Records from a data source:

*** Block opens ***

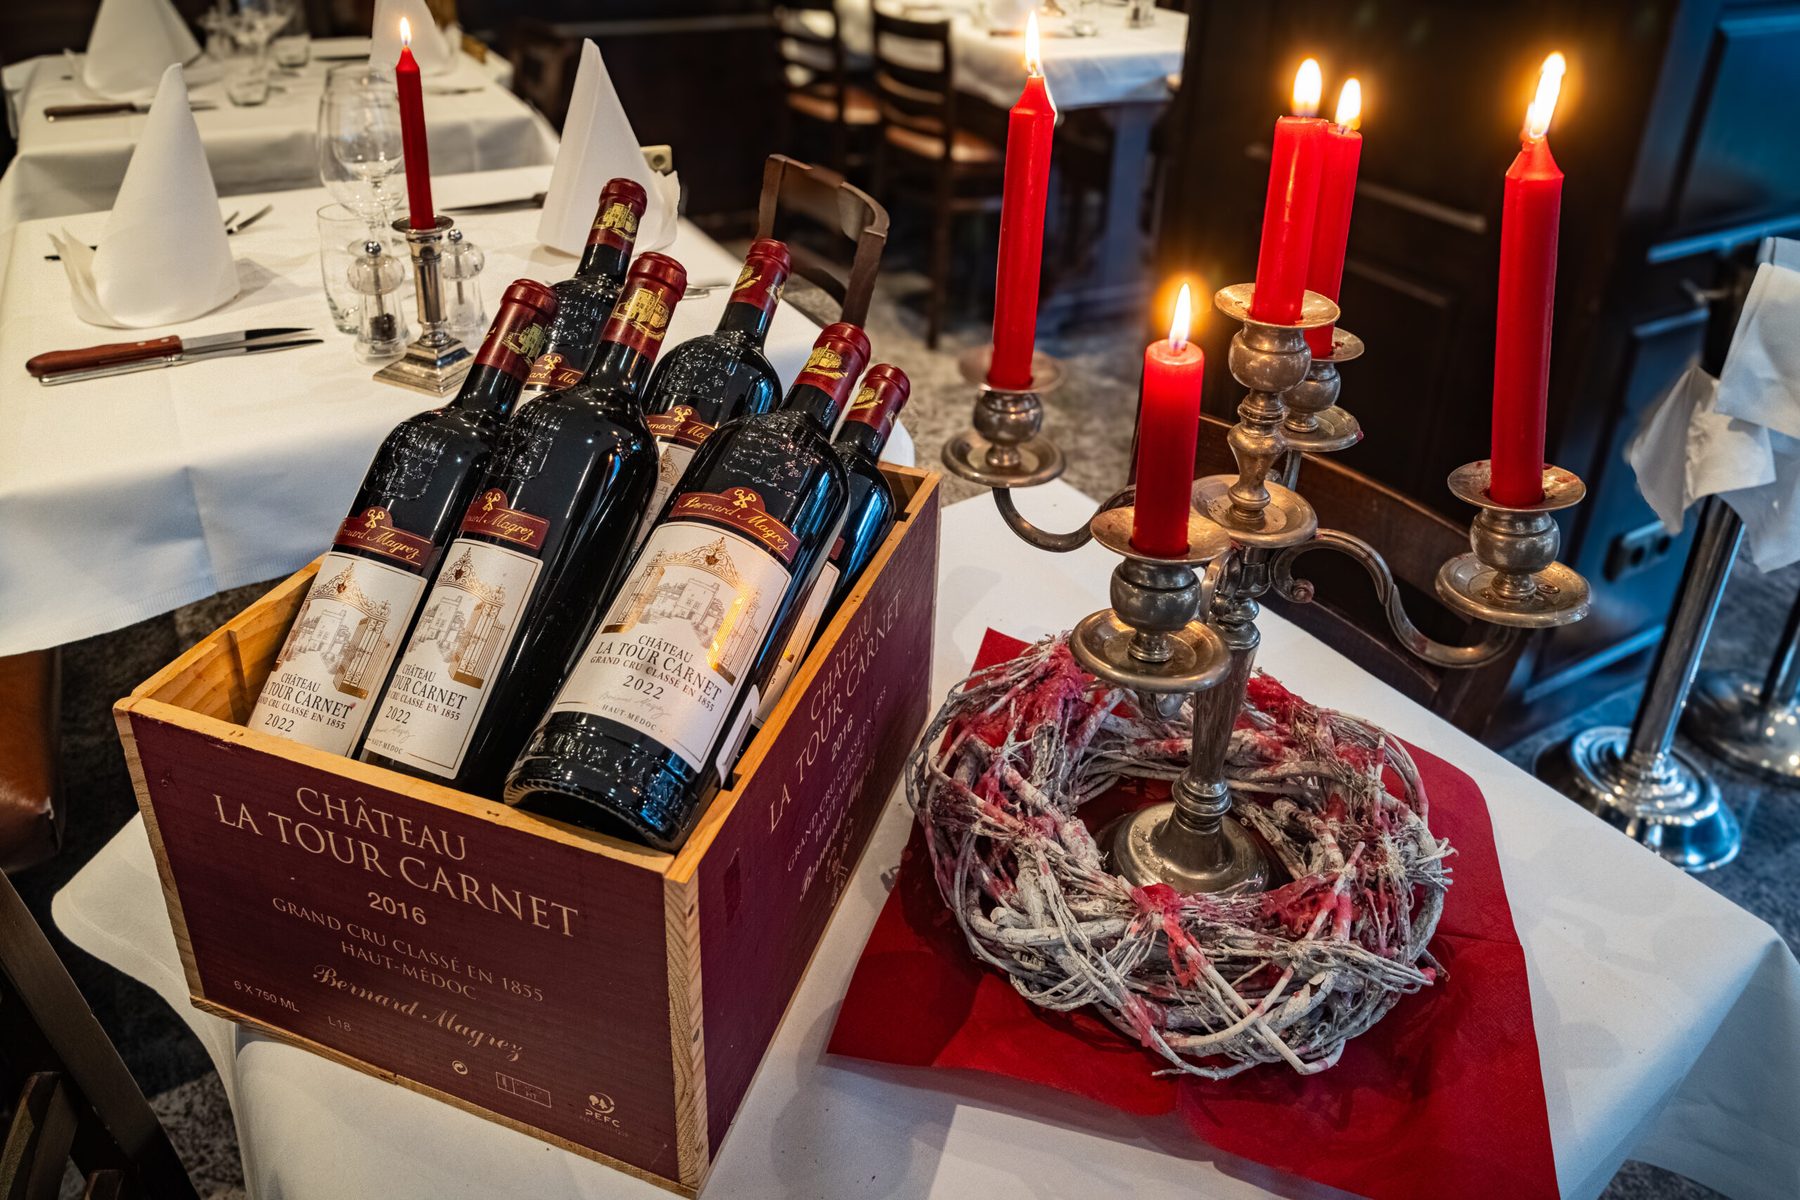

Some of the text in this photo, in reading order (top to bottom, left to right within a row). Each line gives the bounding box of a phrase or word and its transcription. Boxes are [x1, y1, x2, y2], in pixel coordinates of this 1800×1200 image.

[483, 513, 535, 542] Magrez
[737, 508, 790, 550] Magrez
[367, 530, 420, 560] Magrez
[638, 634, 694, 663] CHÂTEAU
[590, 655, 621, 665] GRAND
[623, 659, 643, 671] CRU
[682, 685, 697, 697] EN
[697, 695, 715, 712] 1855
[595, 641, 722, 700] LA TOUR CARNET
[622, 674, 664, 700] 2022
[267, 681, 294, 701] TOUR
[294, 690, 352, 720] CARNET
[411, 680, 467, 710] CARNET
[426, 702, 439, 713] EN
[440, 708, 461, 721] 1855
[769, 588, 901, 834] LA TOUR CARNET
[264, 713, 295, 733] 2022
[311, 712, 325, 722] EN
[326, 717, 346, 730] 1855
[385, 705, 411, 725] 2022
[831, 714, 854, 762] 2016
[296, 787, 467, 861] CHÂTEAU
[212, 793, 579, 937] LA TOUR CARNET
[367, 891, 427, 925] 2016
[272, 897, 545, 1002] GRAND CRU CLASSÉ EN 1855
[341, 940, 477, 1000] HAUT-MÉDOC
[255, 986, 278, 1004] 750
[279, 996, 300, 1013] ML
[312, 963, 524, 1062] Bernard Magrez
[585, 1108, 621, 1128] PEFC

*** Block closes ***

Write the entries above out in full, exactly, with no images.

◆ OUTPUT OF THE EXERCISE ◆
Some of the text in this photo, in reading order (top to bottom, left to right within a row). Each line gives the bounding box of a phrase or word and its transcription. Boxes are [x1, y1, x2, y2], in pixel coordinates of this 1800×1200 image.

[483, 513, 535, 542] Magrez
[737, 508, 790, 550] Magrez
[367, 530, 420, 560] Magrez
[638, 634, 694, 663] CHÂTEAU
[590, 655, 621, 665] GRAND
[623, 659, 643, 671] CRU
[682, 685, 697, 697] EN
[697, 695, 715, 712] 1855
[595, 641, 722, 700] LA TOUR CARNET
[622, 674, 664, 700] 2022
[267, 681, 294, 701] TOUR
[294, 690, 352, 720] CARNET
[411, 680, 467, 710] CARNET
[426, 702, 439, 713] EN
[440, 708, 461, 721] 1855
[769, 588, 901, 834] LA TOUR CARNET
[264, 713, 295, 733] 2022
[311, 712, 325, 722] EN
[326, 717, 346, 730] 1855
[385, 705, 411, 725] 2022
[831, 714, 854, 762] 2016
[296, 787, 467, 861] CHÂTEAU
[212, 793, 579, 937] LA TOUR CARNET
[367, 891, 427, 925] 2016
[272, 897, 545, 1002] GRAND CRU CLASSÉ EN 1855
[341, 940, 477, 1000] HAUT-MÉDOC
[255, 986, 278, 1004] 750
[279, 996, 300, 1013] ML
[312, 963, 524, 1062] Bernard Magrez
[585, 1108, 621, 1128] PEFC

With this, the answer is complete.